The 'Bowie Bonds' entitled the buyer to a share of the royalties from the singer's back-catalogue. In return, Bowie collected future profits up-front.
Evan Davies, who fronts the BBC's Dragons Den, said Bowie's initiative, also known as securitisation, was adopted by banks for use on customer mortgages.
Writing in today's Mirror newspaper, Davies said: “The banks were catching on to the idea. They thought, 'We have billions out there in mortgages which are going to pay us back very slowly. Why don’t we sell those and get the money now?'
“So the banks started doing what Bowie had done – in a big way.”
'Bad Risk'
In the financial system, securitisation, which effectively rebuilt the mortgage process, began to unravel when investors were sold "bad risk" loans by the banks.

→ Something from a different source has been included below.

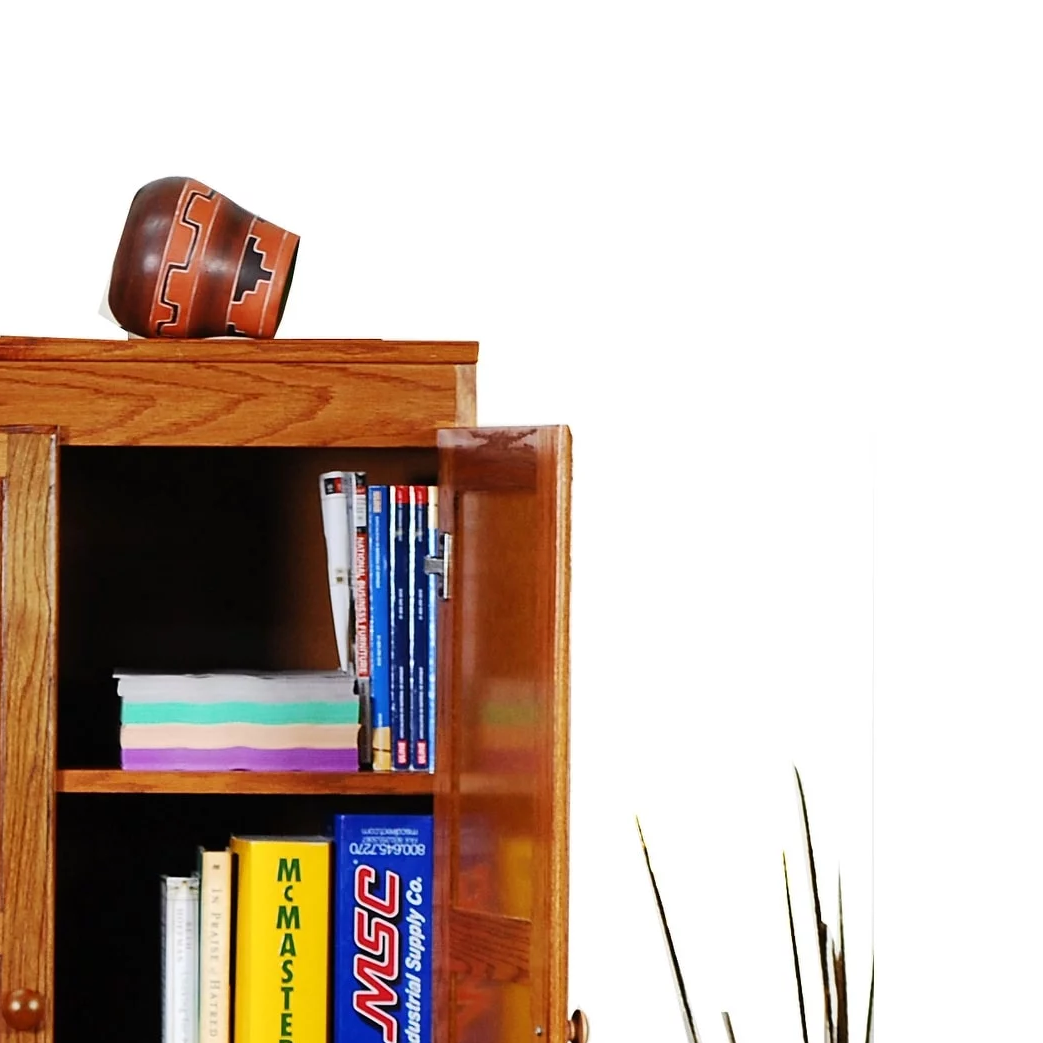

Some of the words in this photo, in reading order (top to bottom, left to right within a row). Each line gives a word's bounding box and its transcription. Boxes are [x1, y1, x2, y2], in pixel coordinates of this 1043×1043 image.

“Securitisation was a kind of magic bullet for banks. It looked a fantastic way of making them more profitable with less risk. But they fired this magic bullet at themselves,” Davies wrote.
The process was used most destructively in the UK by Northern Bank, which was nationalised by the government last year.
Davies said the bank became too dependent on securitisation "and then the investors decided they didn’t like securities because they didn’t know what was in them and the loans were often bad.
“No one wanted to buy securities even if the securities were pretty good – which Northern Rock’s were. It was fashionable when David Bowie did it once. Ten years later it wasn’t.”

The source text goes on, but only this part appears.